# Annotated photo localization data
—————

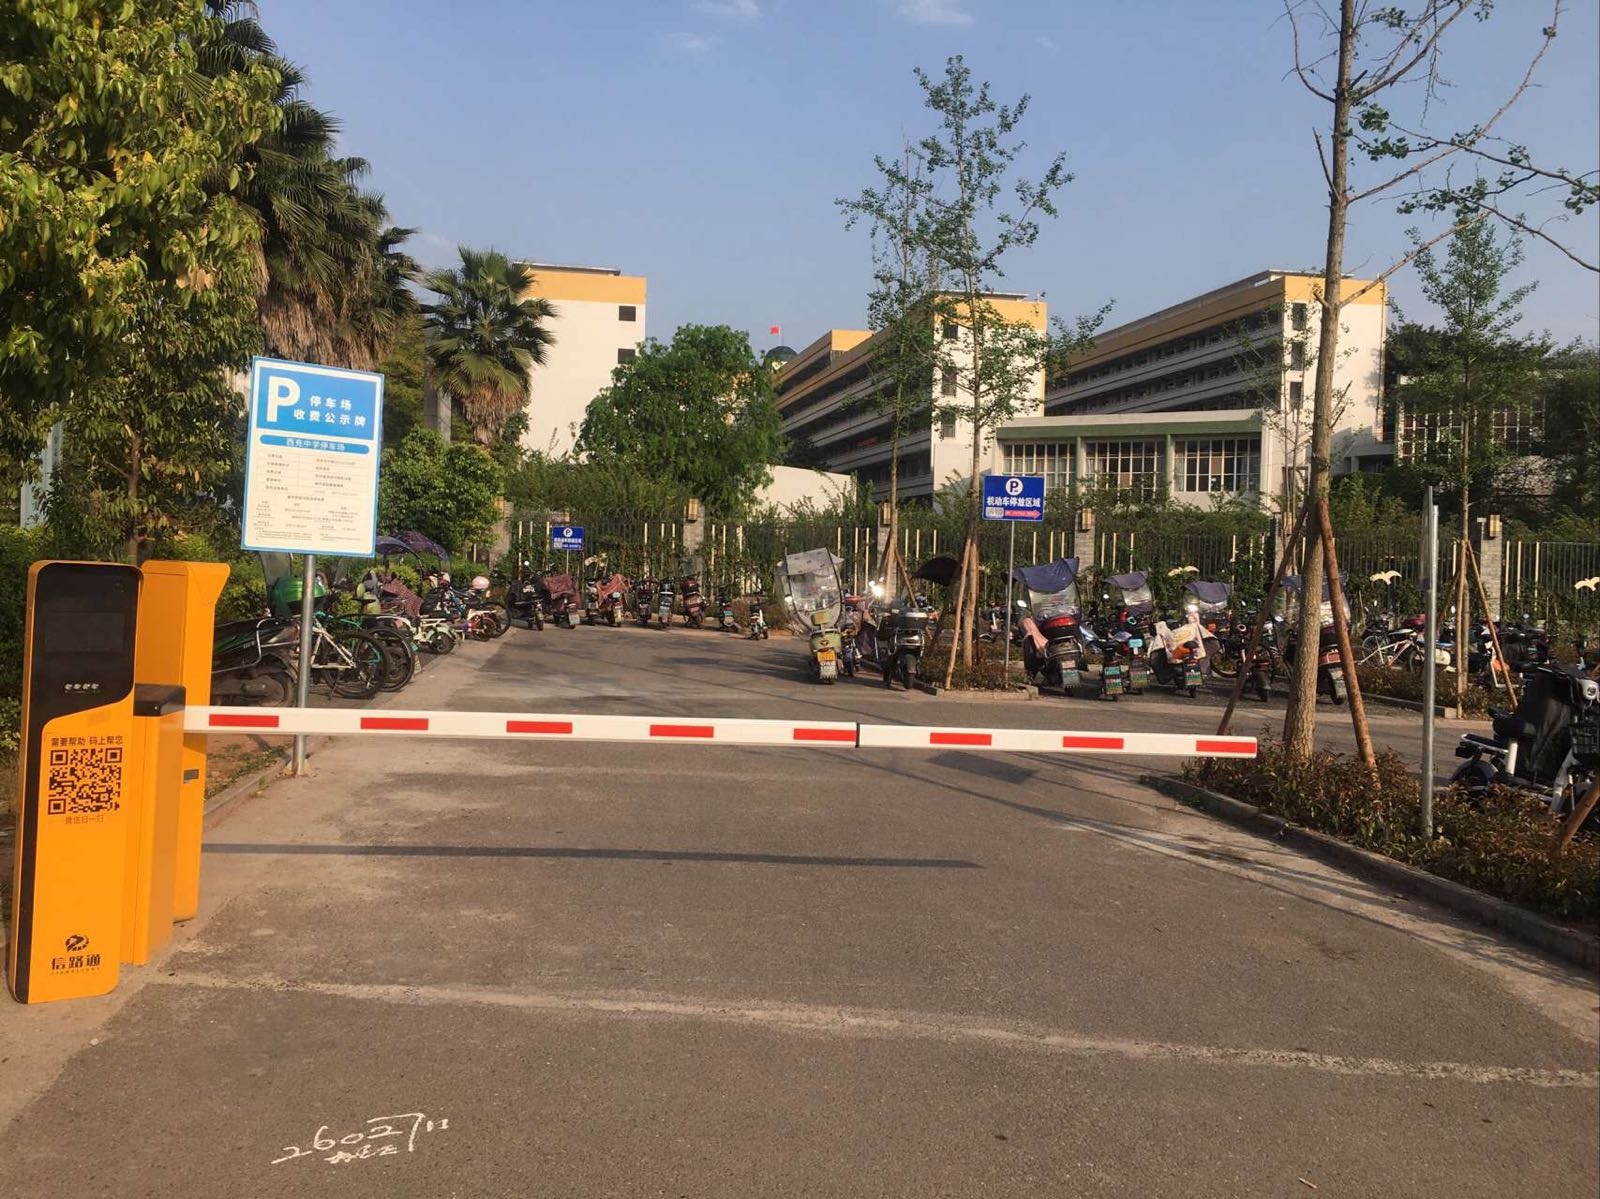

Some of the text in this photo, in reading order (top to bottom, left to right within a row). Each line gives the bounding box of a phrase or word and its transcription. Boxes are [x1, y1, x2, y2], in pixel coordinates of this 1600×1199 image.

[267, 376, 300, 422] P
[310, 396, 352, 411] 停车场
[294, 408, 366, 427] 收费公示牌
[987, 496, 1041, 508] 机动车停放区域
[51, 953, 100, 970] 信路通
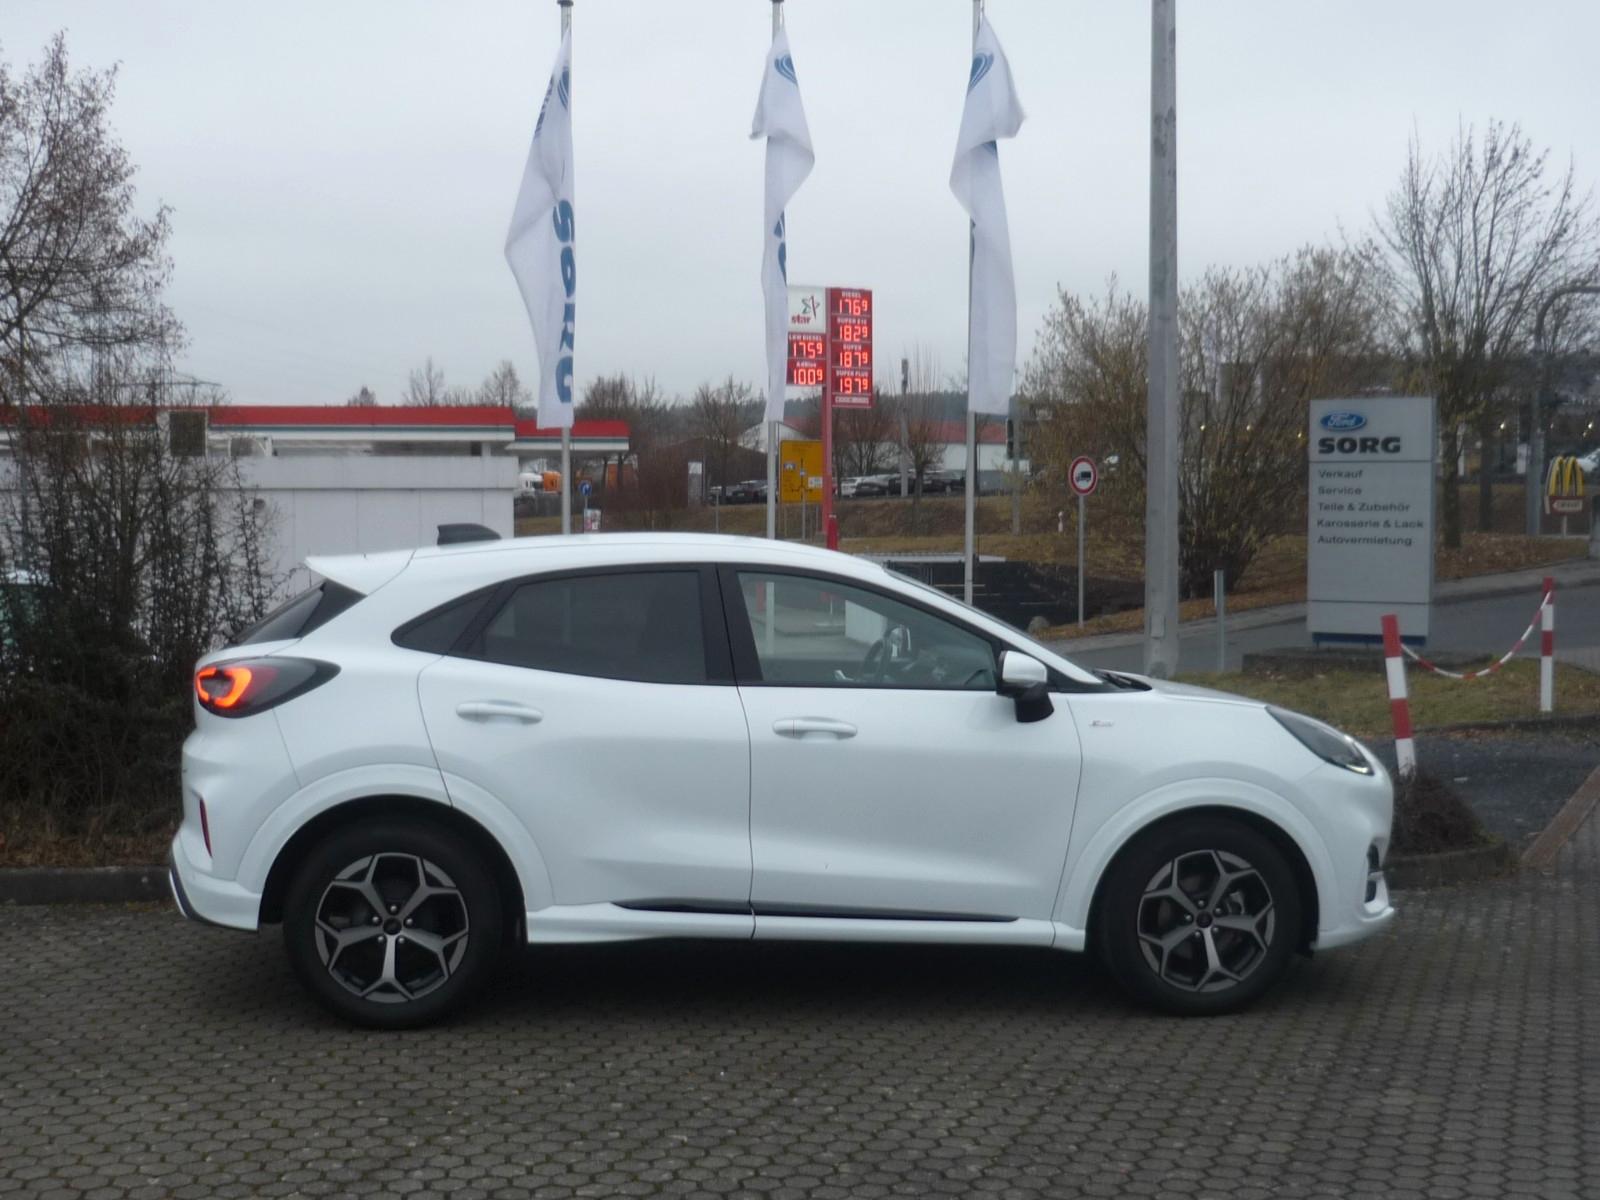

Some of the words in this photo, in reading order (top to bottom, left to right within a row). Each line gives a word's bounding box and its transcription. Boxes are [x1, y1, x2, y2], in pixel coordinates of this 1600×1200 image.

[791, 314, 812, 324] star
[1318, 437, 1401, 454] SORG
[1318, 469, 1363, 479] Verkauf
[1318, 486, 1362, 495] Service
[1318, 502, 1344, 512] Teile
[1347, 502, 1355, 512] &
[1358, 502, 1411, 512] Zubehör
[1317, 519, 1380, 528] Karosserie
[1383, 519, 1391, 529] &
[1394, 519, 1424, 529] Lack
[1317, 535, 1412, 547] Autovermietung
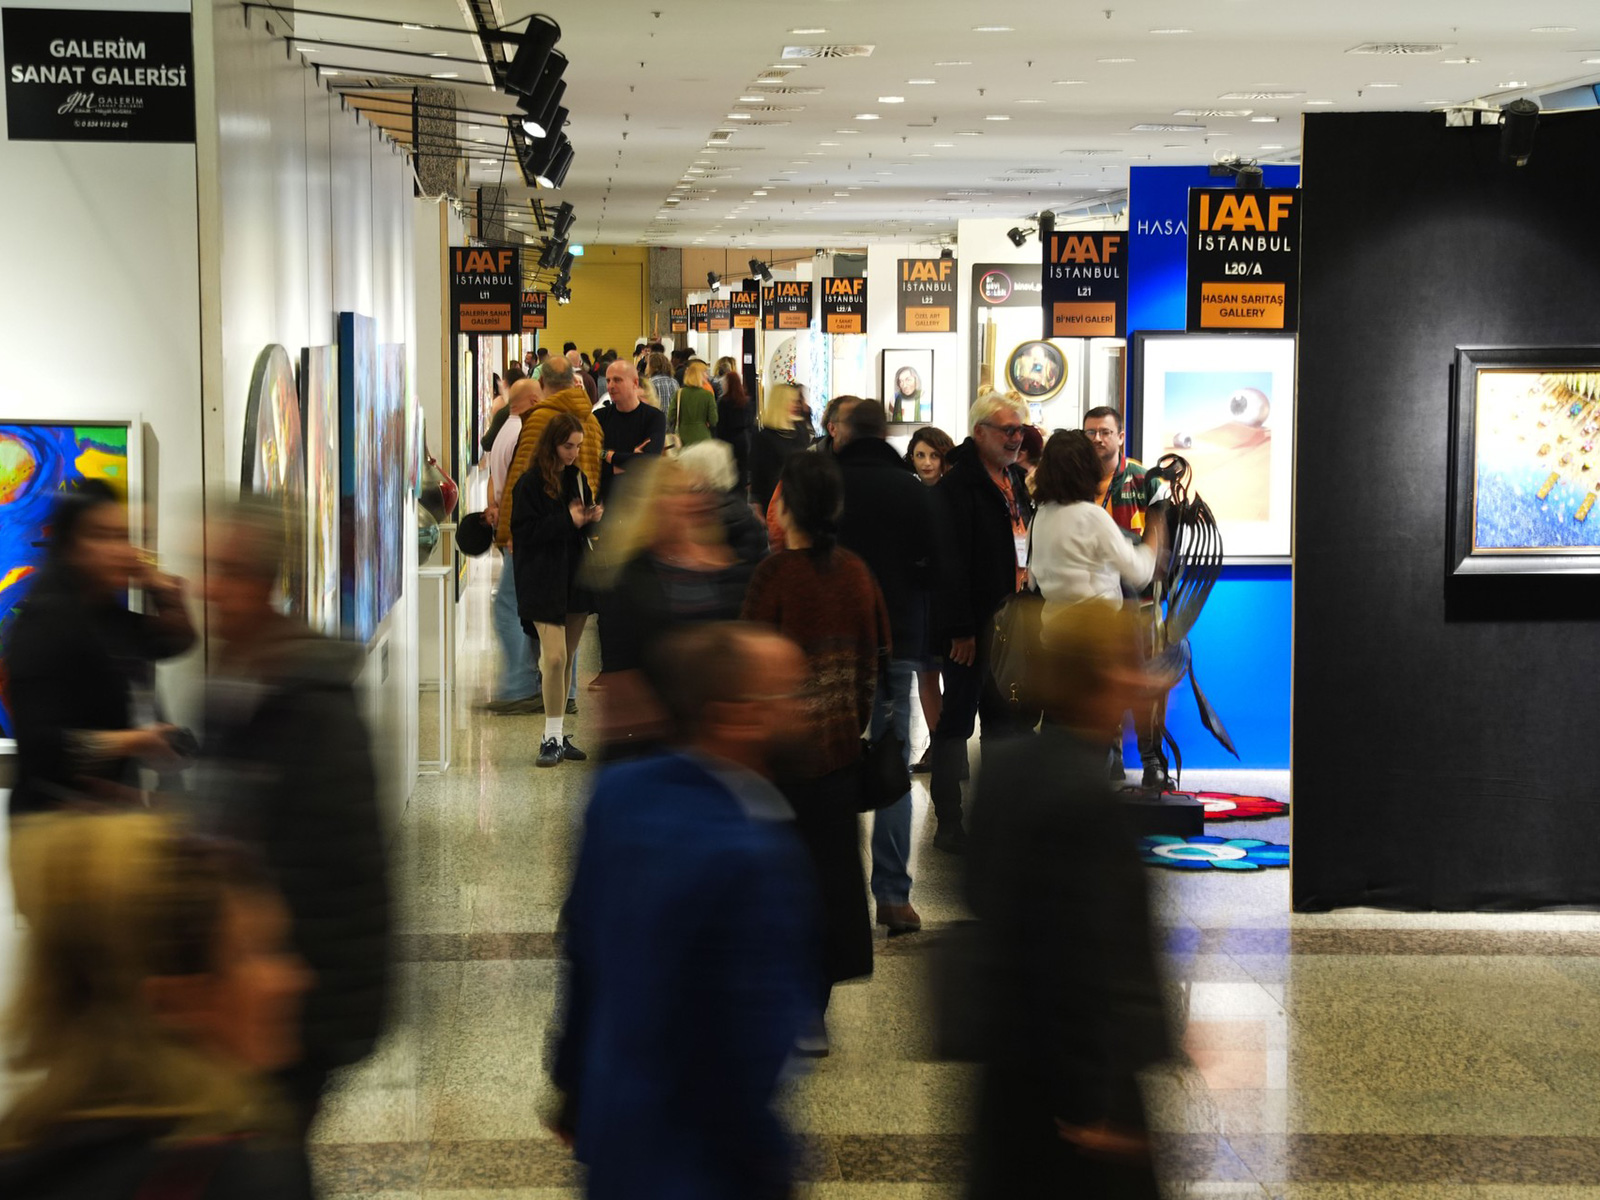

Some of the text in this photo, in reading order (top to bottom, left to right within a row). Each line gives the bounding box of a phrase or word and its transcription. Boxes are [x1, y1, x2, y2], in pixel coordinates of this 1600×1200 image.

[50, 36, 146, 59] GALERİM
[11, 64, 187, 87] SANAT GALERİSİ
[1200, 194, 1293, 232] IAAF
[1198, 234, 1291, 252] İSTANBUL
[1051, 236, 1121, 264] IAAF
[456, 250, 513, 273] IAAF
[903, 261, 952, 281] IAAF
[1050, 265, 1120, 279] İSTANBUL
[1225, 262, 1262, 276] L20/A
[456, 275, 513, 286] İSTANBUL
[825, 279, 864, 295] IAAF
[903, 281, 953, 292] İSTANBUL
[480, 291, 490, 299] L11
[777, 283, 809, 297] IAAF
[1077, 286, 1091, 296] L21
[522, 292, 546, 303] IAAF
[732, 292, 757, 303] IAAF
[825, 294, 863, 303] İSTANBUL
[922, 296, 933, 304] L22
[1203, 294, 1284, 306] HASAN SARITAŞ
[1085, 315, 1113, 324] GALERİ
[1220, 308, 1265, 318] GALLERY

—————

# PROBLEM REQUIREMENTS
Take the records above and transcribe them exactly, dropping every picture.

# EXERCISE RESULT
Some of the text in this photo, in reading order (top to bottom, left to right within a row). Each line gives the bounding box of a phrase or word and its transcription. Boxes are [x1, y1, x2, y2], in pixel coordinates of this 1600×1199 image.

[267, 376, 300, 422] P
[310, 396, 352, 411] 停车场
[294, 408, 366, 427] 收费公示牌
[987, 496, 1041, 508] 机动车停放区域
[51, 953, 100, 970] 信路通

Some of the words in this photo, in reading order (top to bottom, left to right within a row). Each line gives a word's bounding box and its transcription. Boxes are [x1, y1, x2, y2], in pixel coordinates of this 1600×1200 image.

[791, 314, 812, 324] star
[1318, 437, 1401, 454] SORG
[1318, 469, 1363, 479] Verkauf
[1318, 486, 1362, 495] Service
[1318, 502, 1344, 512] Teile
[1347, 502, 1355, 512] &
[1358, 502, 1411, 512] Zubehör
[1317, 519, 1380, 528] Karosserie
[1383, 519, 1391, 529] &
[1394, 519, 1424, 529] Lack
[1317, 535, 1412, 547] Autovermietung

Some of the text in this photo, in reading order (top to bottom, left to right within a row). Each line gives the bounding box of a phrase or word and its transcription. Boxes are [x1, y1, x2, y2], in pixel coordinates of this 1600×1200 image.

[50, 36, 146, 59] GALERİM
[11, 64, 187, 87] SANAT GALERİSİ
[1200, 194, 1293, 232] IAAF
[1198, 234, 1291, 252] İSTANBUL
[1051, 236, 1121, 264] IAAF
[456, 250, 513, 273] IAAF
[903, 261, 952, 281] IAAF
[1050, 265, 1120, 279] İSTANBUL
[1225, 262, 1262, 276] L20/A
[456, 275, 513, 286] İSTANBUL
[825, 279, 864, 295] IAAF
[903, 281, 953, 292] İSTANBUL
[480, 291, 490, 299] L11
[777, 283, 809, 297] IAAF
[1077, 286, 1091, 296] L21
[522, 292, 546, 303] IAAF
[732, 292, 757, 303] IAAF
[825, 294, 863, 303] İSTANBUL
[922, 296, 933, 304] L22
[1203, 294, 1284, 306] HASAN SARITAŞ
[1085, 315, 1113, 324] GALERİ
[1220, 308, 1265, 318] GALLERY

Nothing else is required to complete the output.